Sunday, September 21, 2003

THE SYSTEM ISN'T BROKEN
It's Working Exactly Like It's Supposed To


From UPI writer Cynthia Tucker:

The president's economy policy is working just as he planned it -- for the well-to-do. The stock market is bouncing back, sales of Rolexes and Range Rovers are humming right along, and compensation for CEOs is still in the stratosphere. Among the president's friends, there is little anxiety about the kids' trust funds. (Notice how well Halliburton has been doing since the invasion of Iraq?)

Bush's multibillion-dollar tax cuts largely benefited the wealthy while doing little to produce jobs for average workers. Conservatives fiercely defended the tax cuts as redress to rich capitalists who paid most of the taxes and who would create jobs if given appropriate incentives. They neglected to mention that many of those jobs would be created in other countries.


For the entire essay, click here.

I read an old joke in an essay on ZNet a few months back.

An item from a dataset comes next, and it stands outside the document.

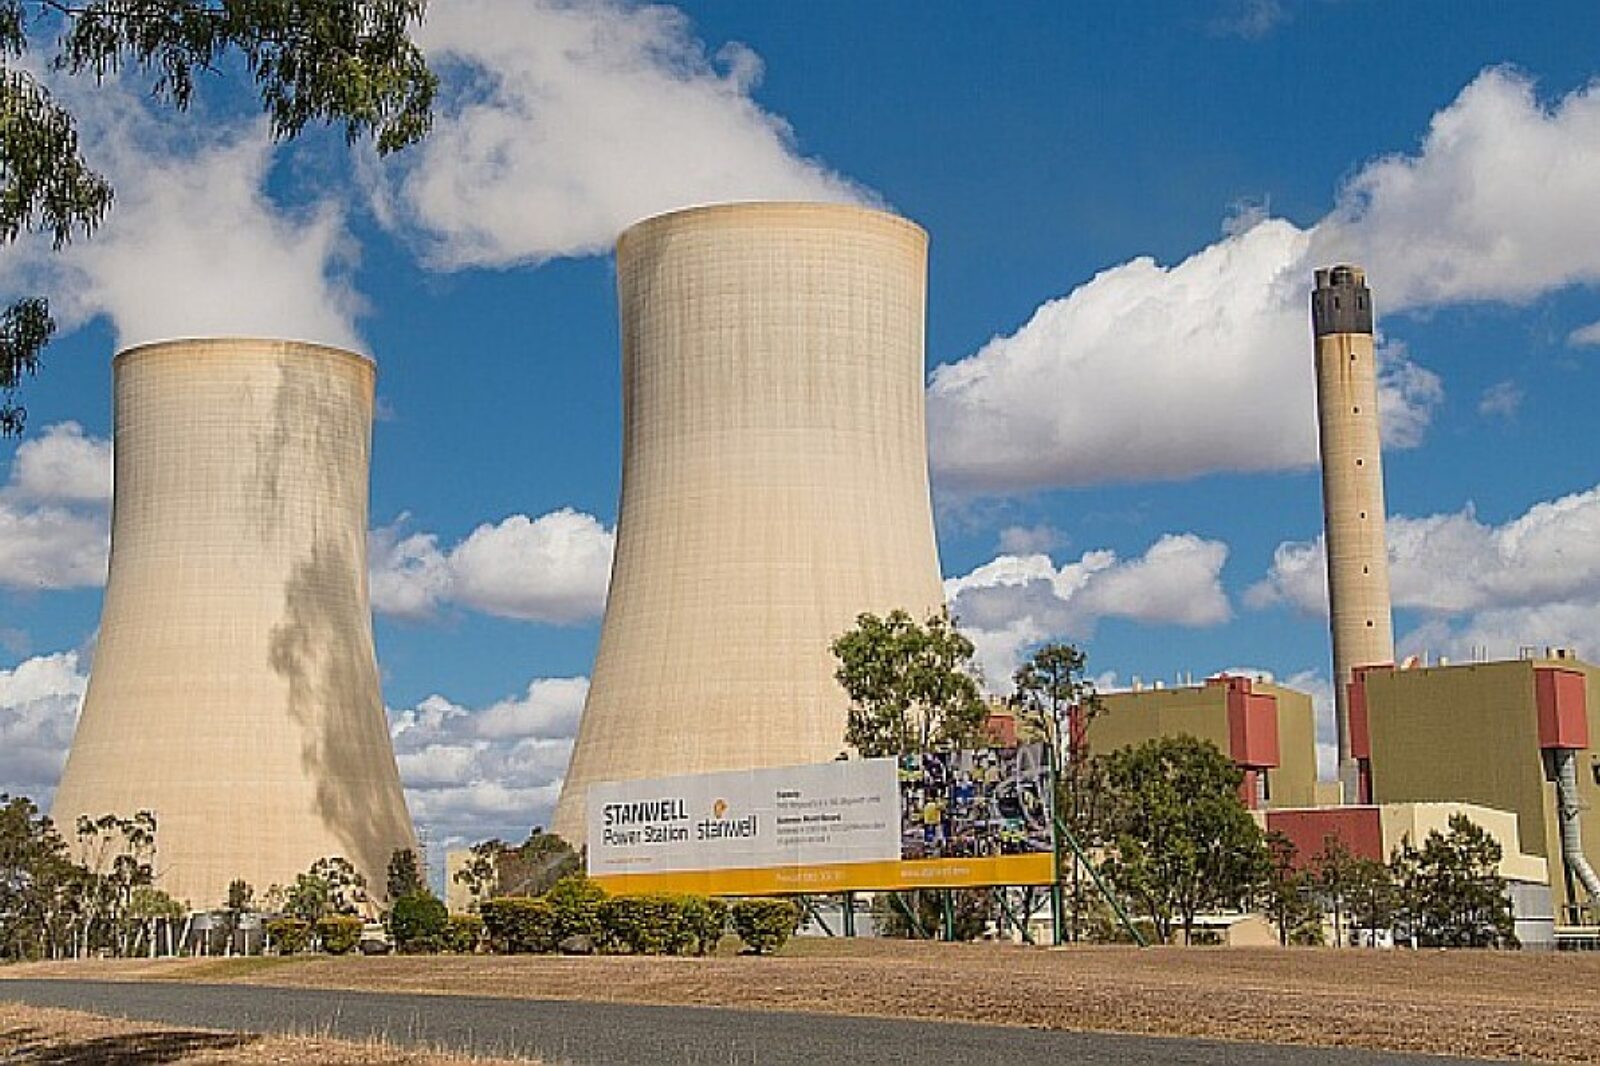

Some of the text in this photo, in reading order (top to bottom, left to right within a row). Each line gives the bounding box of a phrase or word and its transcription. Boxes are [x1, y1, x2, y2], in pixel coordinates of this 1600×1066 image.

[603, 800, 688, 825] STANWELL
[603, 824, 688, 846] Power Station
[698, 815, 757, 840] stanwell

It went something like this:

A liberal and a leftist are walking down the street one day. They turn a corner and encounter a homeless man begging for food. The liberal says, "the system is broken." The leftist replies, "the system is working exactly like it's supposed to."

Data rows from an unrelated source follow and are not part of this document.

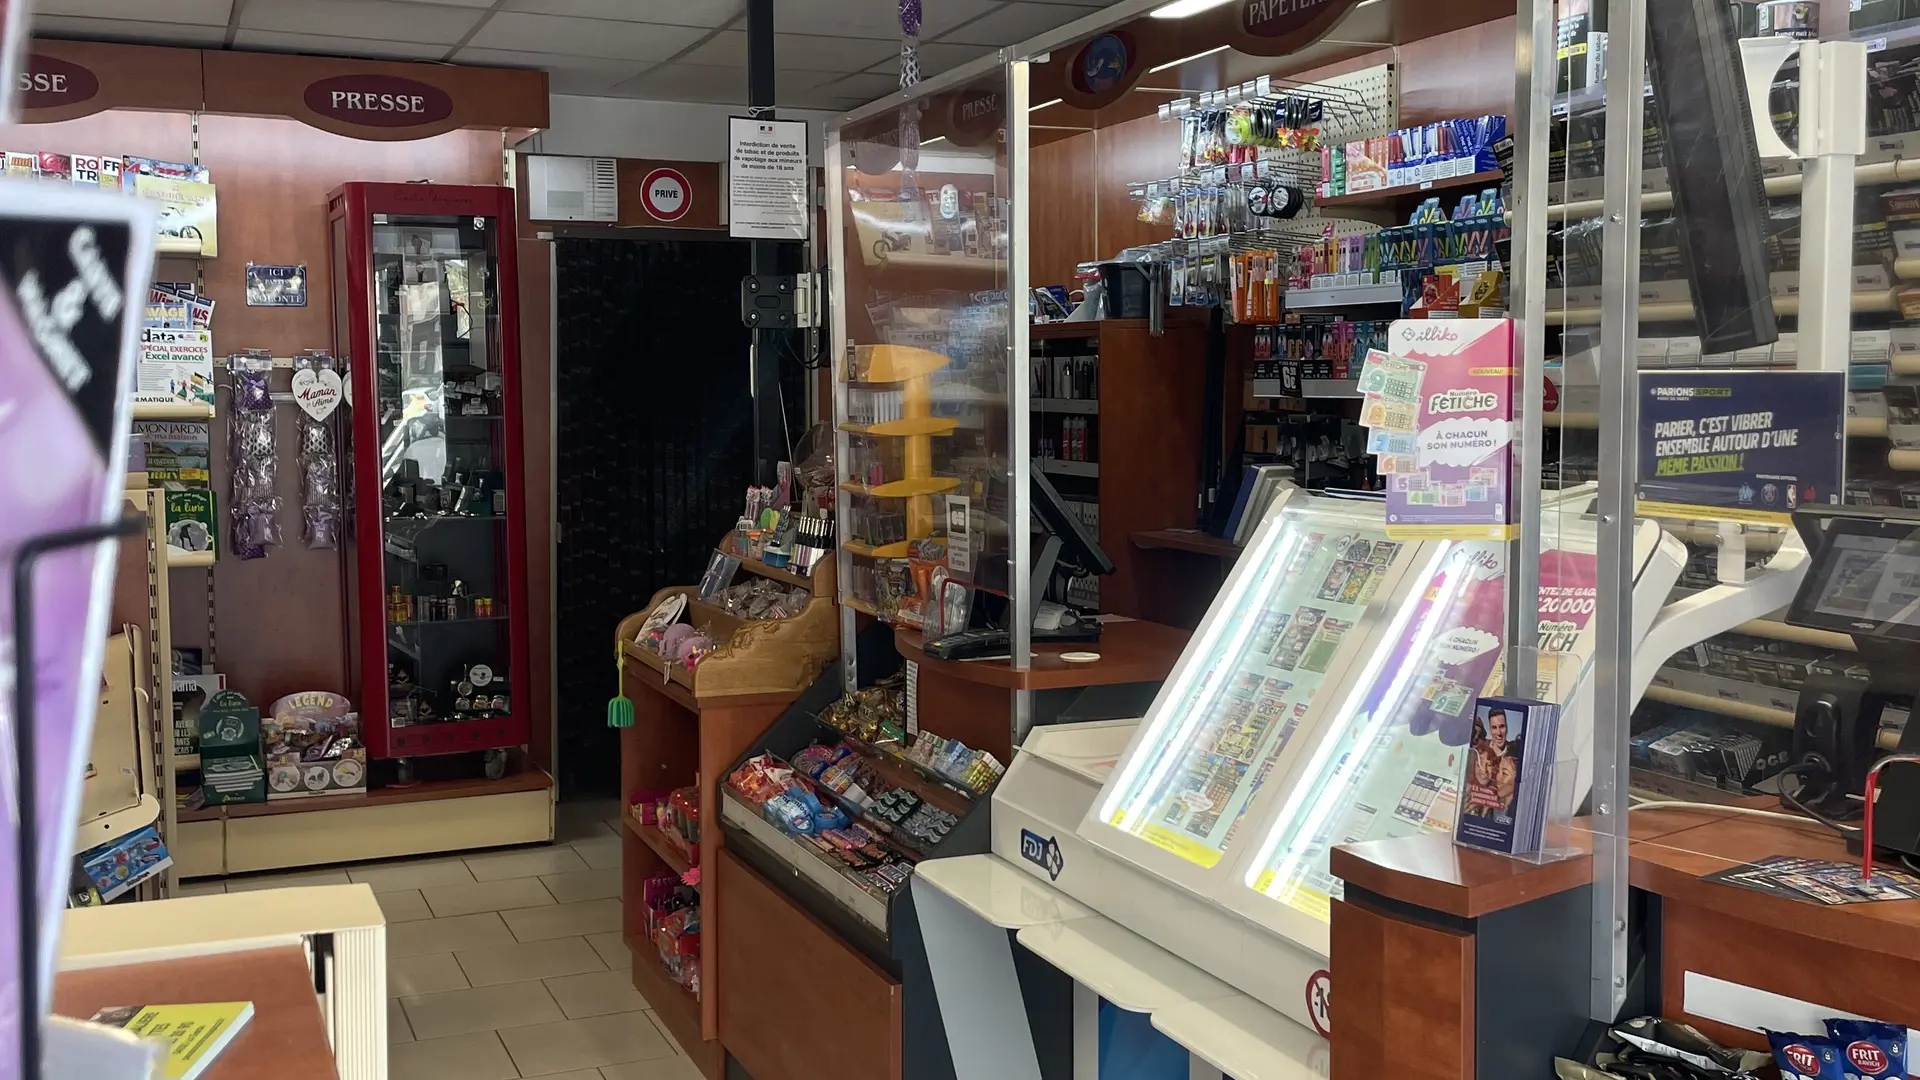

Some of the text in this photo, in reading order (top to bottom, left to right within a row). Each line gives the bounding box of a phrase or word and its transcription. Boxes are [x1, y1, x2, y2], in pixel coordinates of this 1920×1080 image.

[331, 90, 426, 114] PRESSE
[269, 268, 284, 276] ICI
[141, 329, 175, 342] data
[1416, 326, 1458, 341] illiko
[146, 352, 204, 361] Excel avancé
[298, 388, 336, 400] Maman
[1657, 387, 1730, 397] PARIONS SPORT
[138, 423, 207, 435] MON JARDIN
[1654, 411, 1773, 439] PARIER, C'EST VIBRER
[1436, 430, 1488, 440] À CHACUN
[1427, 442, 1448, 450] SON
[1450, 439, 1492, 449] NUMÉRO
[1655, 428, 1799, 457] ENSEMBLE AUTOUR D'UNE
[1690, 454, 1738, 472] PASSION
[1538, 587, 1597, 596] NTEZ DE GAG
[1539, 623, 1573, 632] Numéro
[1453, 636, 1478, 645] CHACUN
[1452, 645, 1477, 653] NUMÉRO
[289, 695, 334, 708] LEGEND
[1023, 835, 1043, 861] FDJ
[1852, 1048, 1880, 1061] FRIT

Indeed, the American economic system relies on large numbers of people to be either poor or out of work. In fact, the conventional wisdom is that it is somehow bad for the economy if we have full employment--this would create upward pressure on wages which cuts into profits. A quick read between the lines shows that profits are the real goal instead of economic health for most of America. For as long as I've been paying attention, I've been hearing the so-called experts insist that the government must always give business what it wants; this creates jobs, and jobs are good. Jobs are good. It has now become completely clear, however, that giving business and the wealthy whatever they want does not always equal more jobs, and many of the jobs that are created are low-wage crap jobs. Bush's crazed economic policy is perhaps not so crazed: he's simply taking care of his own.